Nowadays, due to the difficulties in growing such crops on farmland, their popularity has substantially dropped.
This type of fuel, which comprises all kinds of solid waste matter, can either be used as fuel or let to go to waste. It includes anything, from human waste to grass and leaf clippings, landfill gas, etc.
As an energy source, it’s comparatively less clean than solar or wind power. However, it still comes with a low level of carbon emissions and has already been put to good use in cogeneration plants. Thermal and electrical power can both be produced from solid waste.
Third generation biofuels
Third generation biofuels can, in fact, be ascribed to a single term: algal fuel. In the past, algae biofuel was part of the second generation of biofuels. However, when researchers realized that they are much more efficient and scalable than the other fuels, they also decided that algae deserve a category of their own.
So, then, why haven’t algae taken over the biofuel world? As you’ll see below, they come with several major advantages, but at least one major disadvantage. It is this weak point that needs to be overcome before algal biodiesel is declared a runaway success on a global scale.
Image source: University of Michigan
The advantages of third generation biofuels
They’re far more efficient than other feedstock.

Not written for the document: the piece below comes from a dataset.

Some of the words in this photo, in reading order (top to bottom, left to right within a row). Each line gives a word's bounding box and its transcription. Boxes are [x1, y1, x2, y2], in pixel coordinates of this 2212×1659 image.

In short, algae can produce more biofuel output, with lower resources. Generally speaking, byproducts obtained from algae are easier to refine into diesel and even ingredients of gasoline. One such ingredient is butanol, which is almost as energetically dense as gasoline itself, but produces lower emissions. To boot, it doesn’t cause the kind of engine damage that biofuel ethanol does.
By and large, algae can produce ten times more gallons of biofuel than other crops. That’s 9,000 gallons of biofuels per acre, compared the typical 900 of other feedstocks. Scientists estimate that algae could one day yield 20,000 gallons of fuel per acre. The U.S. Department of Energy says that the country could fulfill all its fuel needs by only cultivating 0.42% of its land surface.

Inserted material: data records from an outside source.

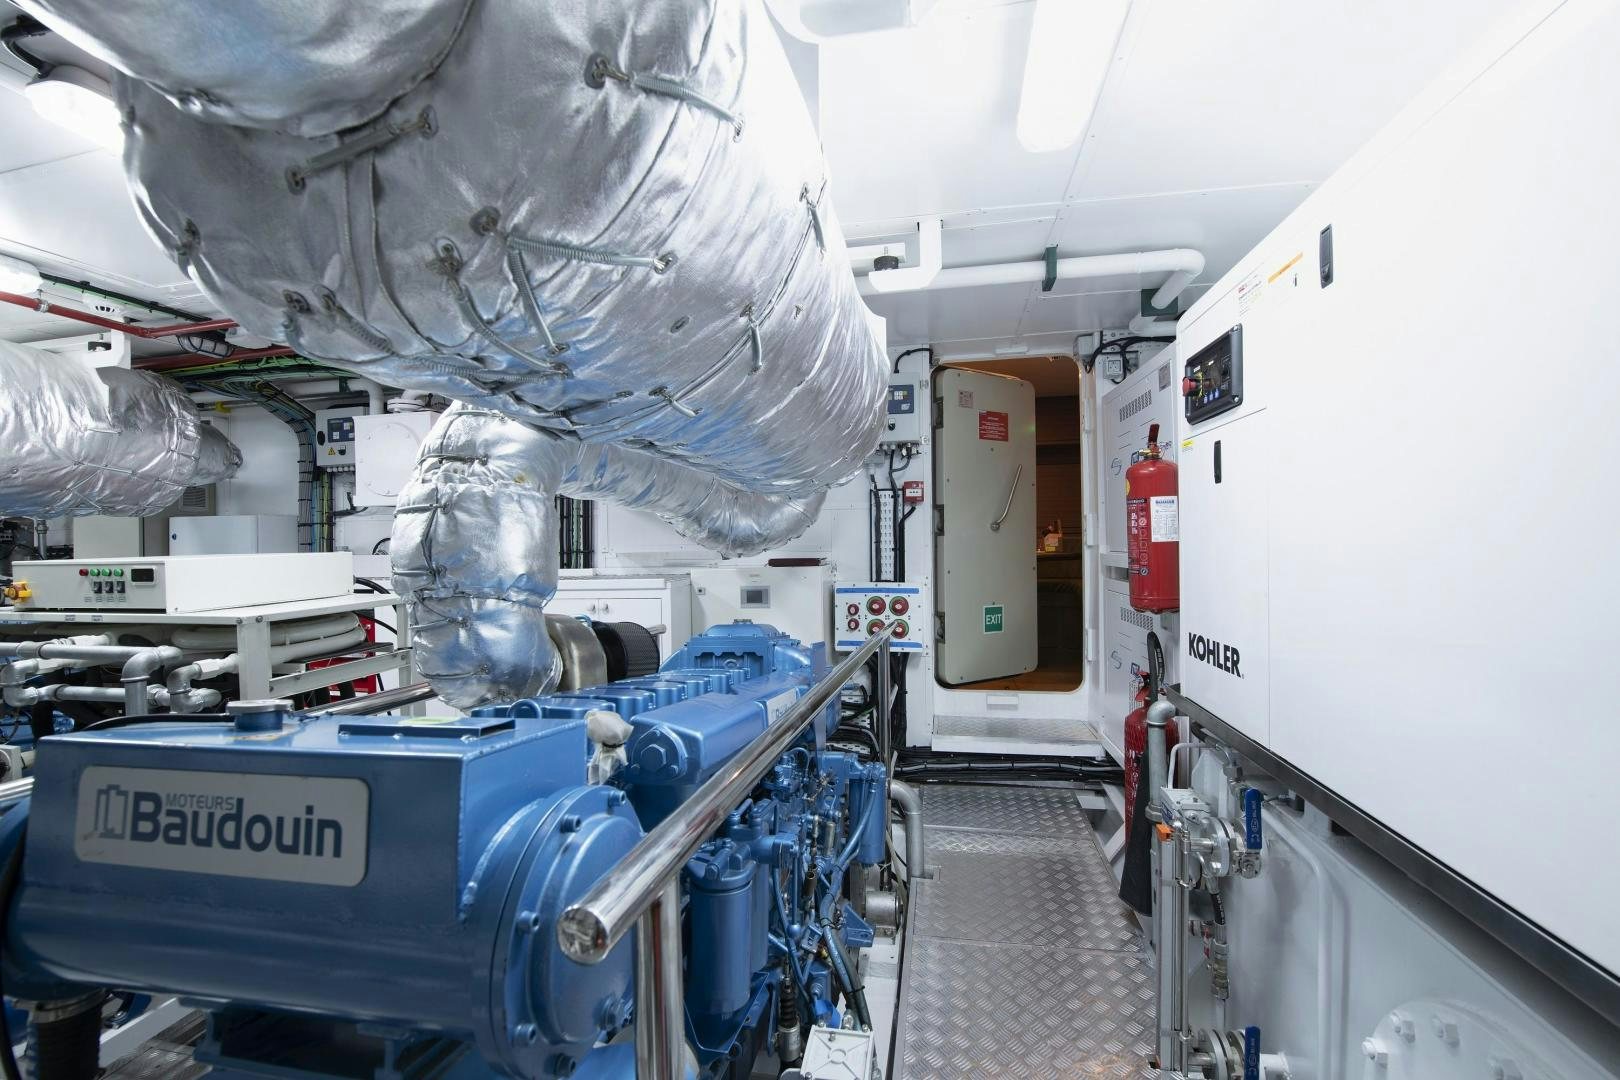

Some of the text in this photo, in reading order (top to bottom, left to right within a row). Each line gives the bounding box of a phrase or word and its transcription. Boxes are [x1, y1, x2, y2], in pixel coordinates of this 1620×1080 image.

[986, 614, 1002, 625] EXIT
[1188, 632, 1242, 678] KOHLER
[165, 793, 235, 811] MOTEURS
[130, 791, 342, 858] Baudouin
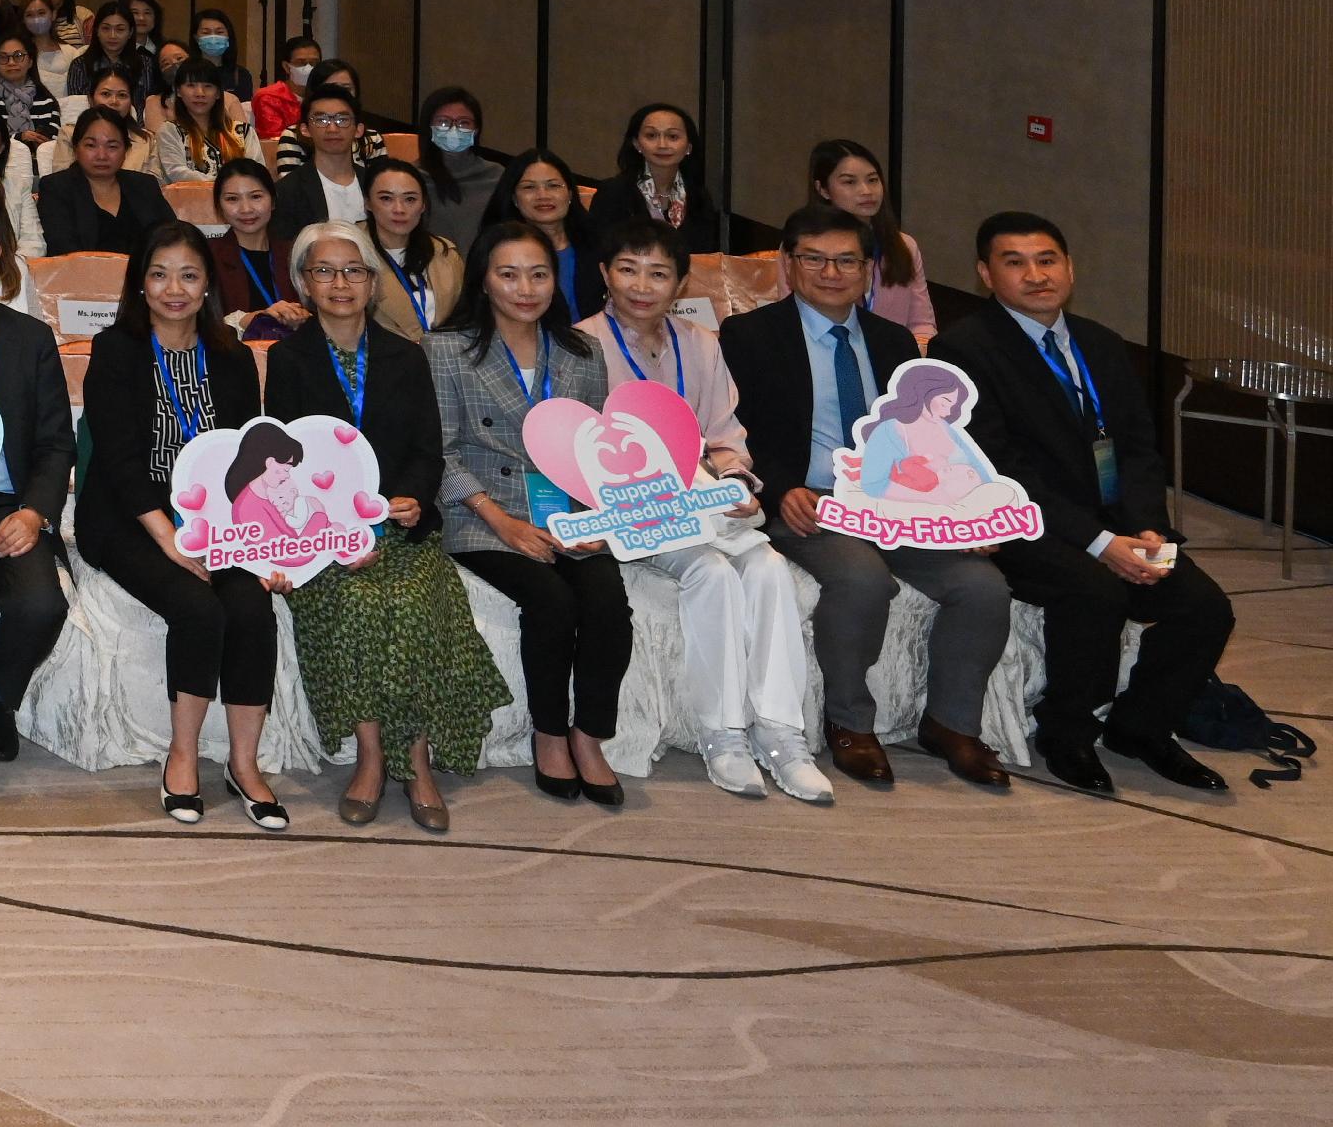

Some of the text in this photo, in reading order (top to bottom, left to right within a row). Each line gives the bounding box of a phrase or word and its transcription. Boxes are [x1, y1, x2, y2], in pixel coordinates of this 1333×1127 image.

They’re very genetically diverse. Not only are there many different species of algae on Earth, but scientists have recently discovered that it’s very easy to genetically manipulate algae into obtaining better biofuels and similar byproducts.
This is especially true when it comes to butanol production—since the advent of these discoveries, several butanol-producing facilities have opened around the world. Before the genetic manipulation of algae was common knowledge, obtaining butanol was difficult.
They can be cultivated just about anywhere where it’s warm enough. Third generation biofuels can be cultivated in open ponds, closed-loop systems, and photobioreactors. None of these systems require farm land and only need a certain warm temperature to thrive. Closed loop systems and photobioreactors have even been successfully set up in deserts.
They can be grown with waste water. Not only do algae crops not require additional farm land, but they can actually be cultivated by reusing waste water from municipal systems.
They can make use of a wide range of carbon sources. Some researchers have pointed out that algae plants should be set up next to traditional power plants, as they could directly convert their carbon emissions into fuels.
The disadvantages of third generation biofuels
After all is said and done, third generation biofuels only come with one essential drawback. Though singular, it is important enough to constitute a deal breaker:
The water-based waste production of algal biofuel requires non-scalable amounts of water and fertilizers (nitrogen and phosphorus, specifically).
Why is this such a big problem? Because the greenhouse gas emission levels of producing the needed amount of fertilizer would basically offset all the advantages of using biofuels. In 2013, Exxon Mobil concluded its R&D program on algal biofuel by stating this type of fuel would not be viable for another 25 years. At the end of that program, the company had invested $600 million into it.